Is the Welsh Government doing enough to solve poverty?  Victoria Winckler reflects on its draft budget for 2020-21 and asks if it really does put preventing poverty at its heart.

This year’s draft budget, like previous years’, makes bold statements about poverty. It is one of eight cross-cutting themes, with the Welsh Government claiming to be investing £1 billion in a mix of different anti-poverty programmes.

So what are to make of it?

In looking at whether this is truly an anti-poverty budget, we need to look at the budget in three different ways.

Poverty programmes

First of all, there are the specific, targeted interventions. On this count, the budget is an improvement on previous years’ spending plans, with cash boosts for holiday play schemes (for which we claim some credit), increased funding for Pupil Development Grant – Access (ditto) as well as help with the provision of sanitary products in schools and colleges,  a free school breakfasts pilot and a new Time Credits scheme.

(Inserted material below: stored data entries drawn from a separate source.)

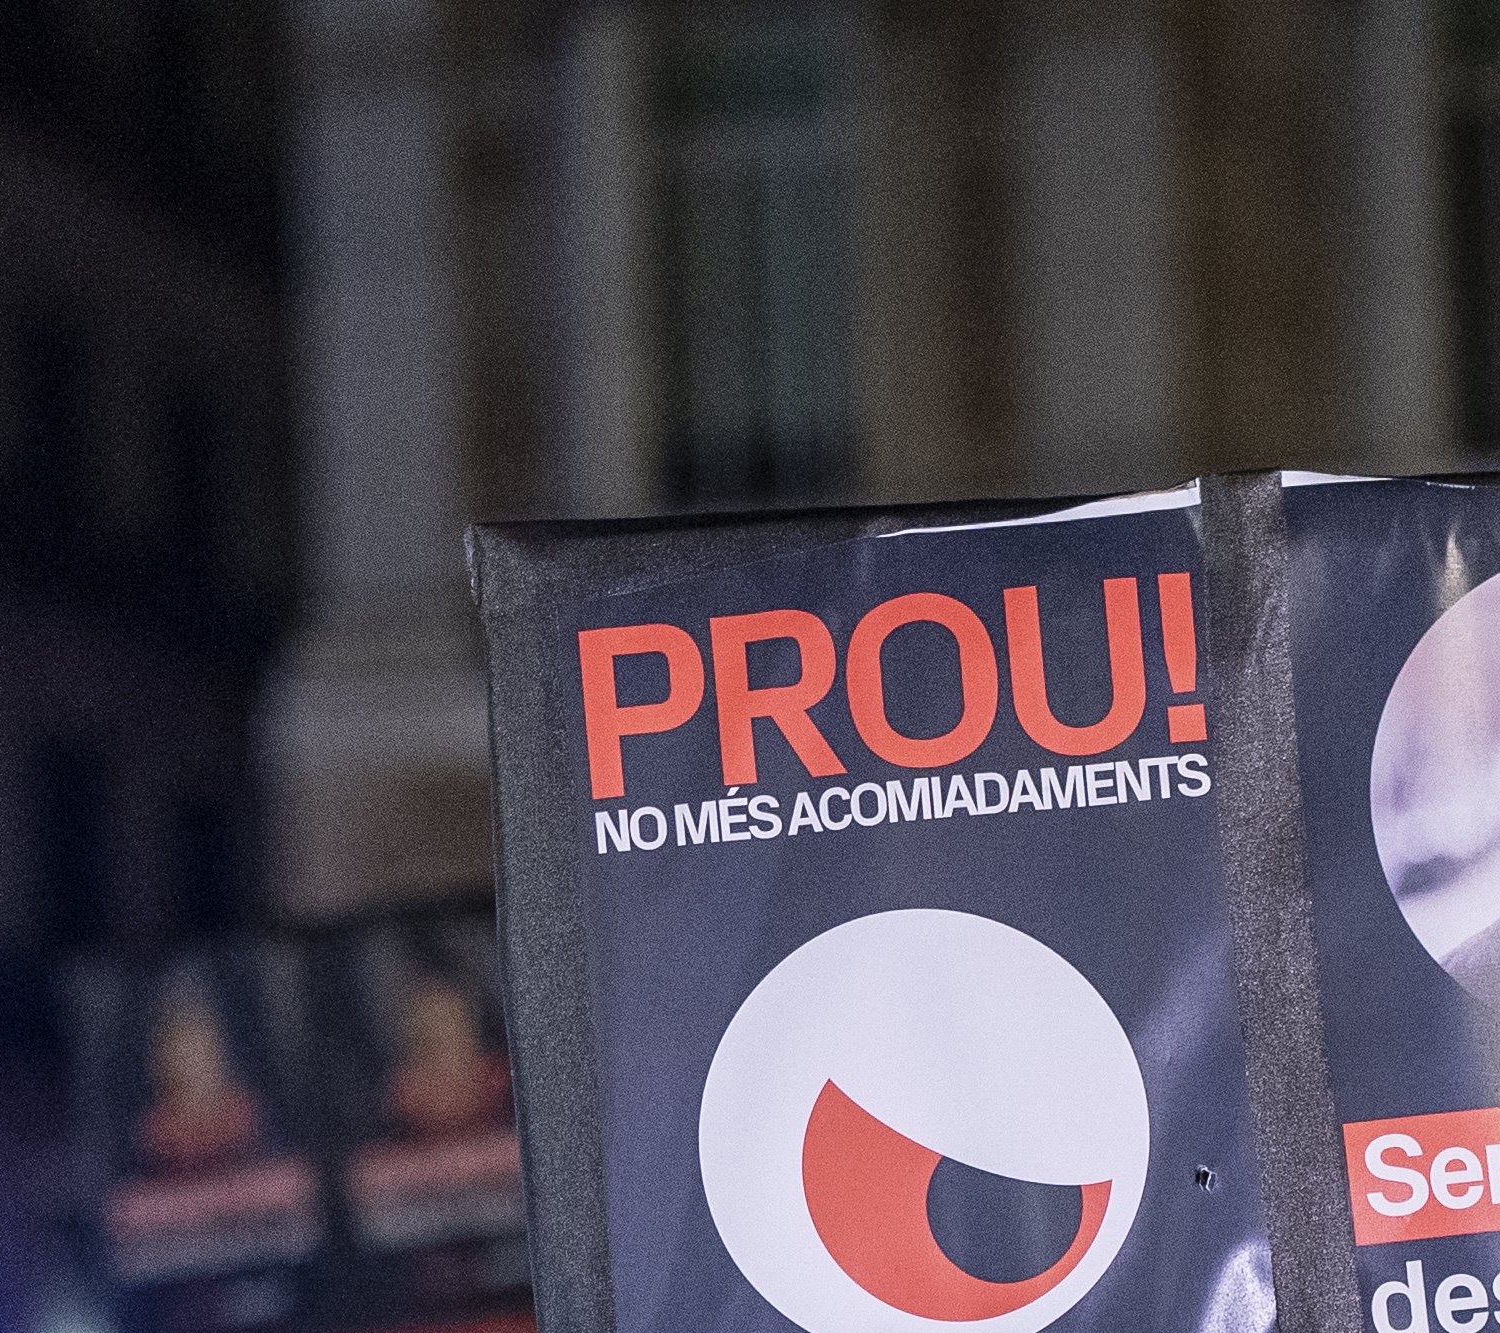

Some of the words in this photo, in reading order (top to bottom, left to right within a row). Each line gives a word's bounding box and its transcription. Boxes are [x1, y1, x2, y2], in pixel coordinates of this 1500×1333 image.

[578, 572, 1208, 800] PROU!
[595, 808, 668, 854] NO
[676, 786, 781, 848] MÉS
[788, 753, 1211, 837] ACOMIADAMENTS
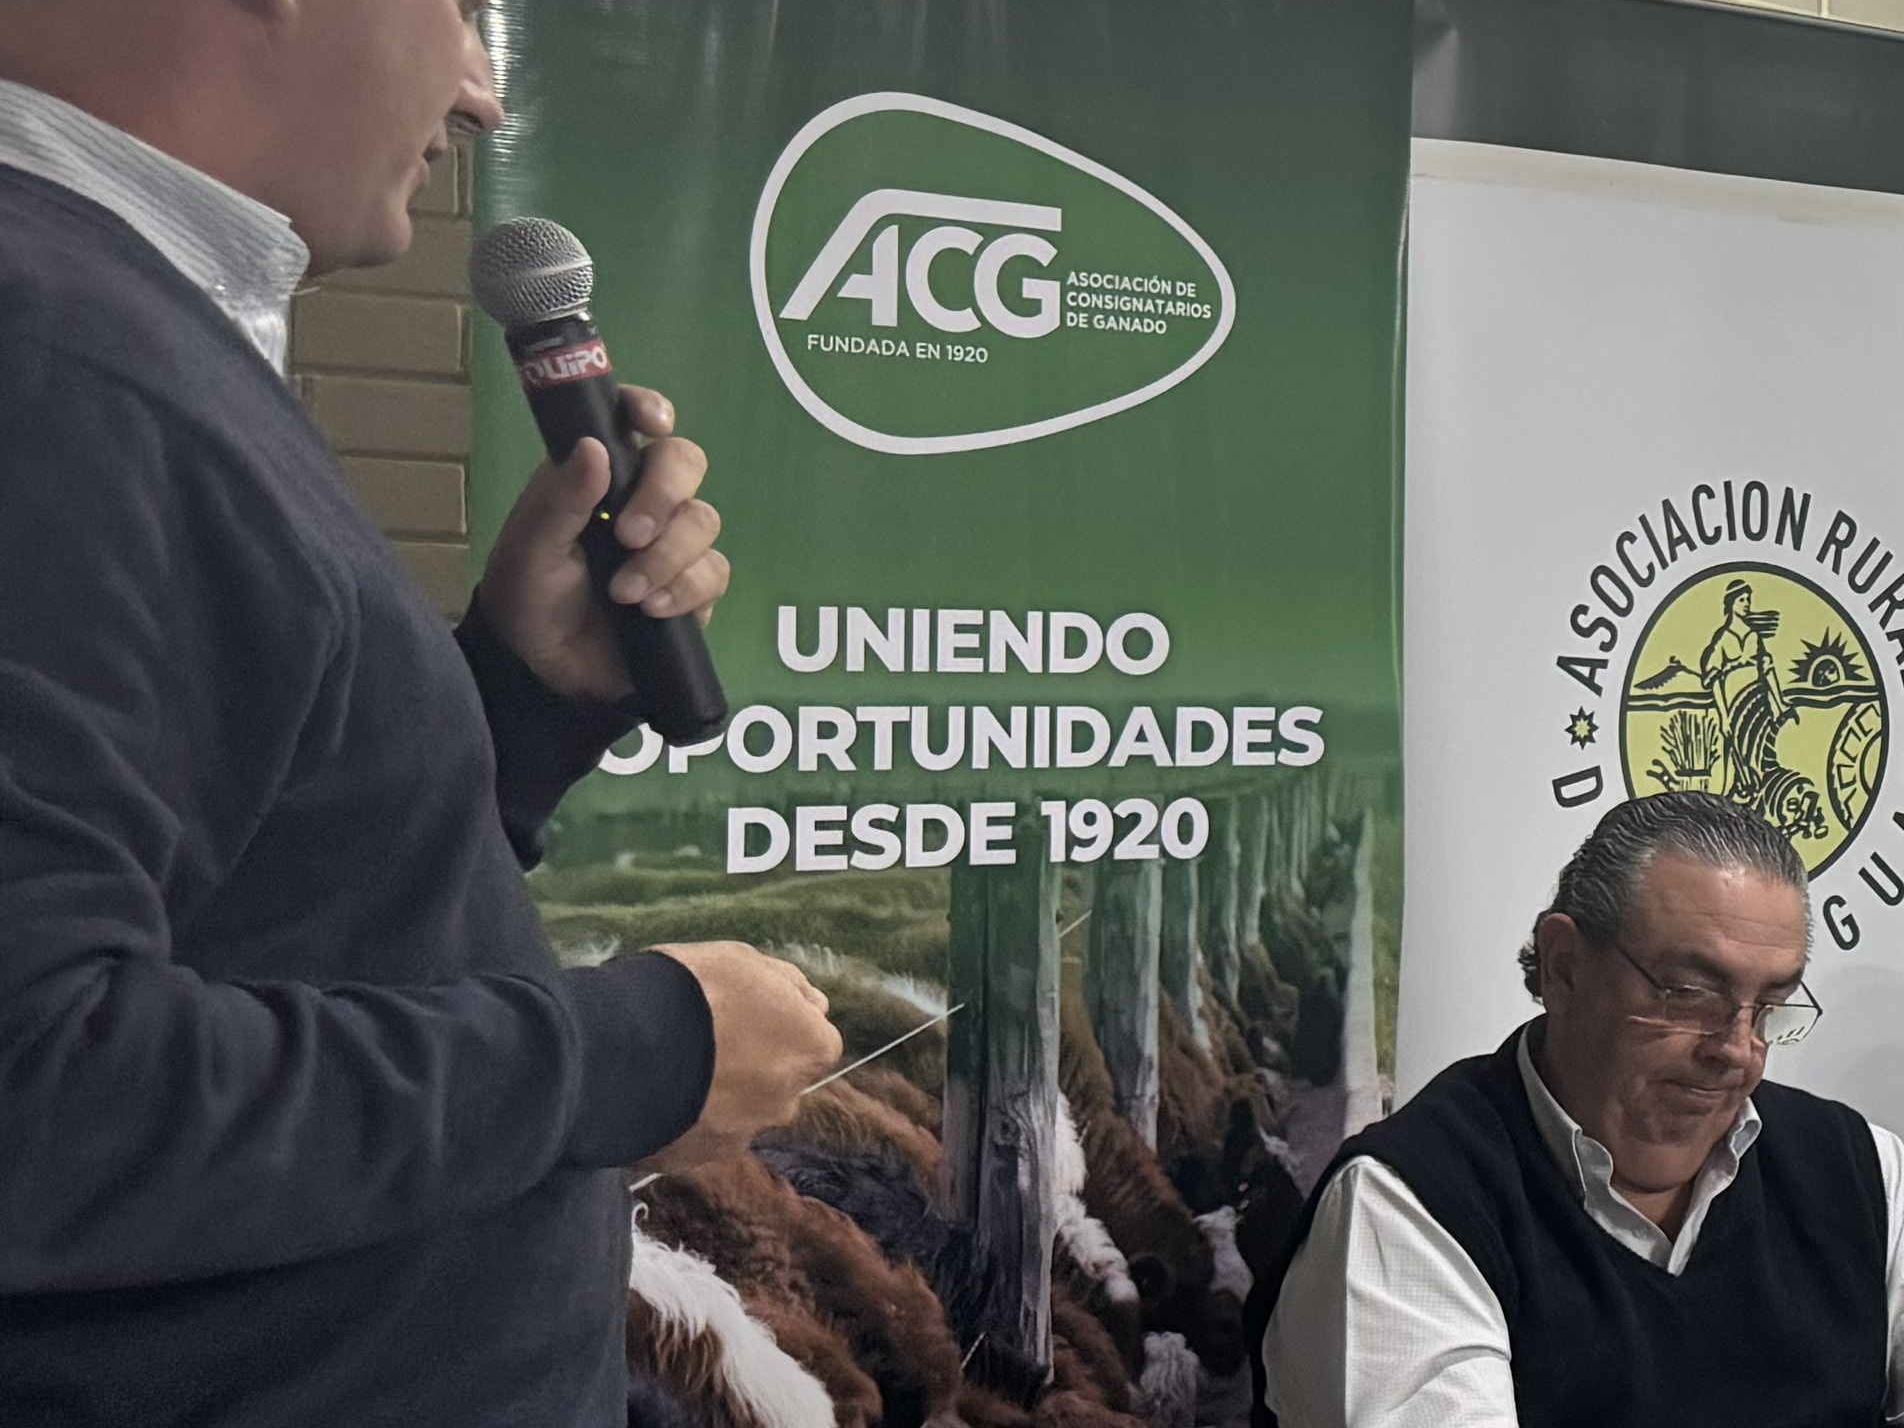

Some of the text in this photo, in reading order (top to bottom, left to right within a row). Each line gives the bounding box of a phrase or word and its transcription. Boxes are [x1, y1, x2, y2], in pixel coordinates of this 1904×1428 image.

[779, 189, 1062, 338] ACG
[1066, 271, 1197, 298] ASOCIACIÓN DE
[1066, 291, 1212, 319] CONSIGNATARIOS
[1066, 313, 1168, 335] DE GANADO
[807, 334, 989, 363] FUNDADA EN 1920
[1556, 480, 1811, 698] ASOCIACION
[777, 605, 1170, 675] UNIENDO
[727, 797, 1210, 873] DESDE 1920
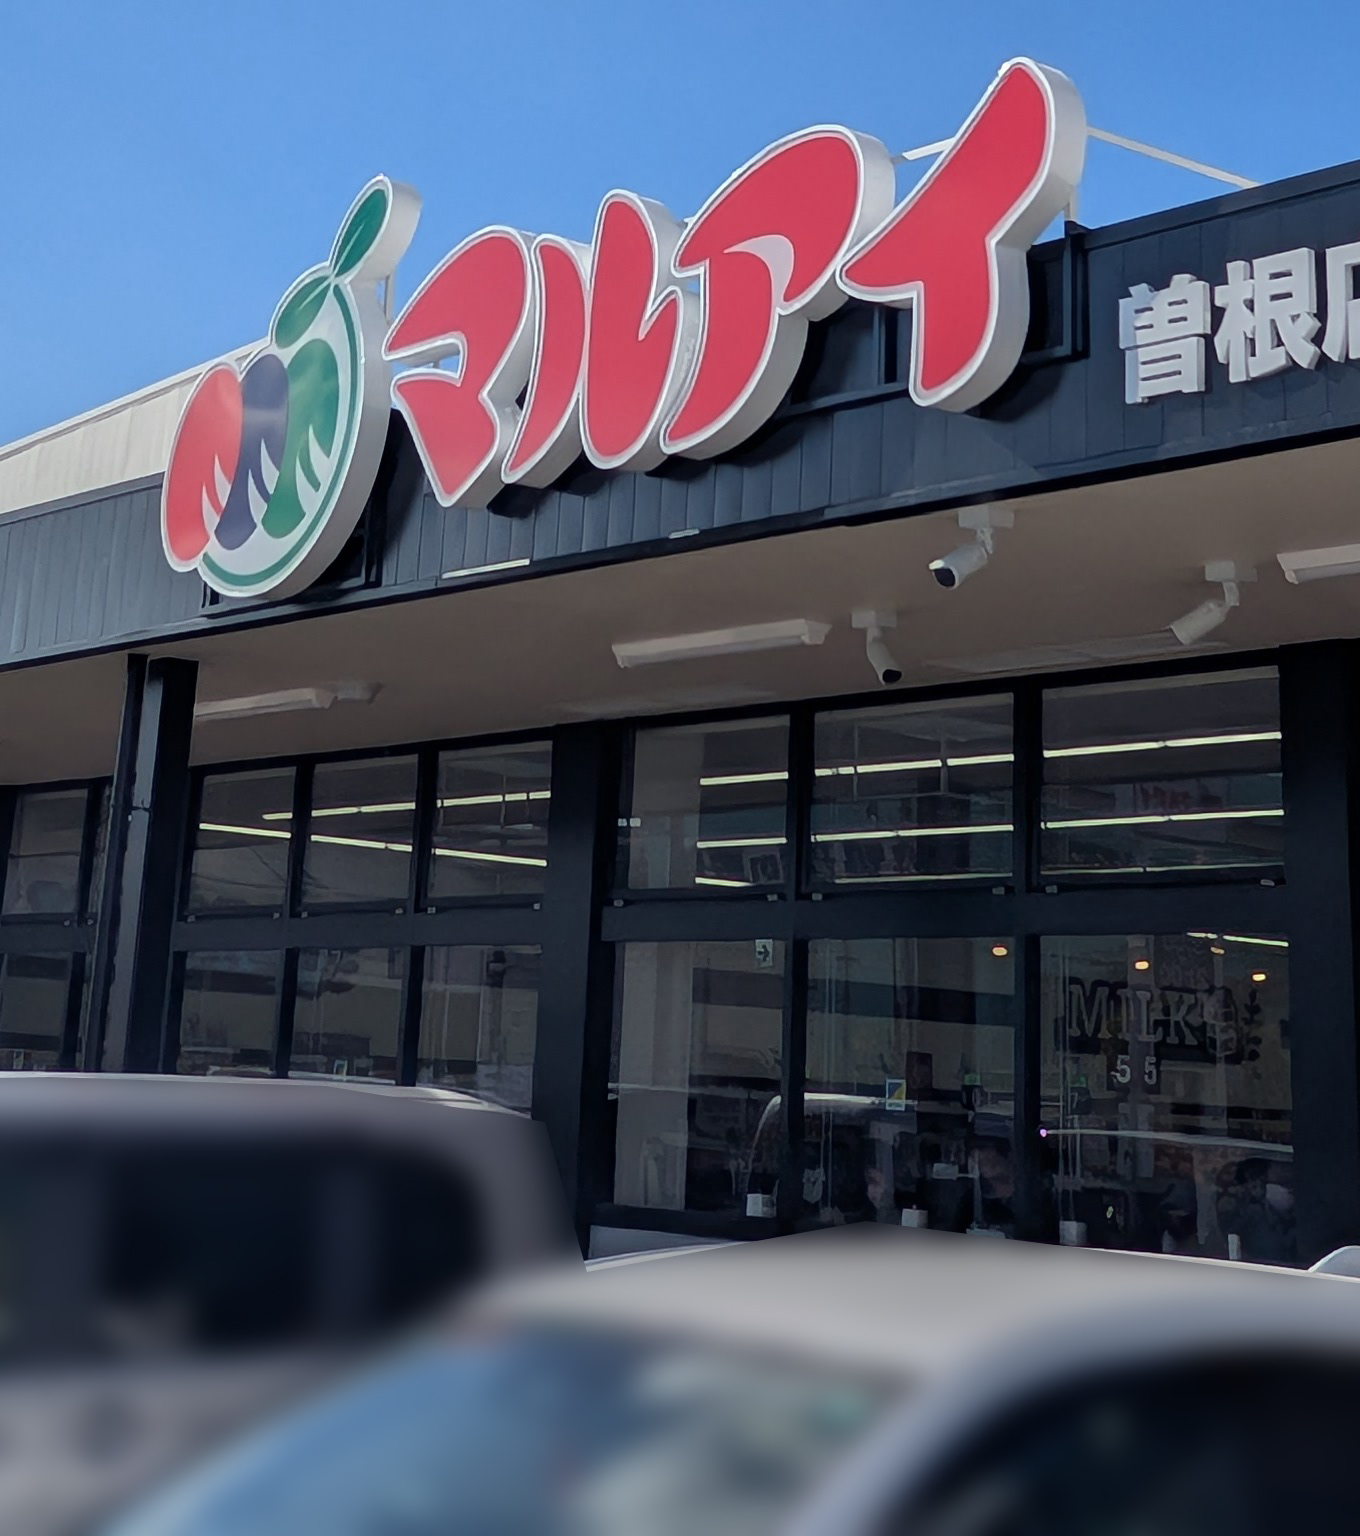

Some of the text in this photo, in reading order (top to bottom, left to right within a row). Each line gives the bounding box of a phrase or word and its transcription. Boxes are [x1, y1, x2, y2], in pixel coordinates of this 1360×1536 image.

[381, 56, 1082, 508] マルアイ
[1068, 983, 1198, 1046] MILK
[1115, 1055, 1131, 1084] 5
[1144, 1056, 1157, 1085] 5
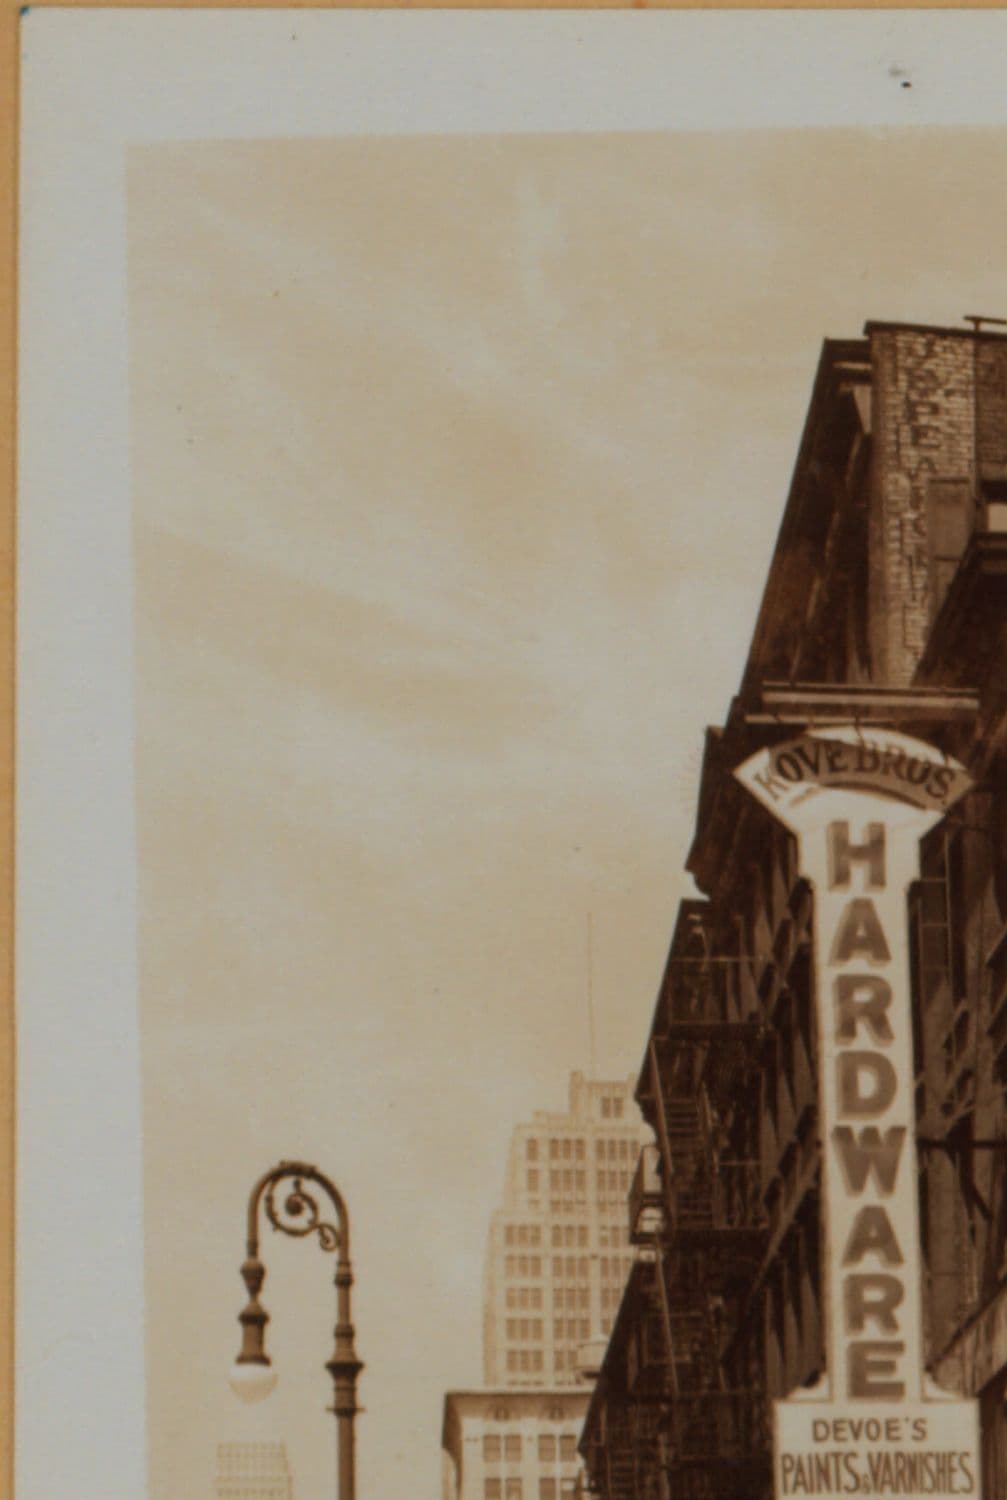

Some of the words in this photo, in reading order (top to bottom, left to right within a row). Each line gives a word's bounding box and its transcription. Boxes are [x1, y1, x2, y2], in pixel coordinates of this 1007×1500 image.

There are questions to be asked about whether these are tackling the right things and will make much difference, as well as questions about scale and delivery, but at least the aim of combating poverty is matched by some credible actions.

Distributional impact

The second consideration is the impact of the Welsh Government’s spending plans on different groups of people – what is sometimes called the distributional impact.  People access services very differently depending on their background and characteristics. For example, people in higher socio-economic groups are more likely to attend an arts event, participate in higher education and travel by train than lower socio-economic groups, while people in lower groups are more likely to live in social housing, attend a further education college and visit their GP than those in higher socio-economic groups.

The spending priorities in the budget may therefore have unintended but no less real effects on people in different income brackets.  It is impossible to analyse the distributional impact of the 2019/20 budget, although the Equality and Human Rights Commission’s study of public spending concluded that the cumulative effect of previous budgets was less regressive in Wales than in England.

Despite this, the budget has some proposals that do not seem to be particularly progressive.  The commitment of £179 million to Transport for Wales for rail services is three times the sum allocated to bus.  And the allocation of £62 million to the Help to Buy housing scheme seems a generous sum to help a few people compared with £188 million social housing grant for thousands needing an affordable home.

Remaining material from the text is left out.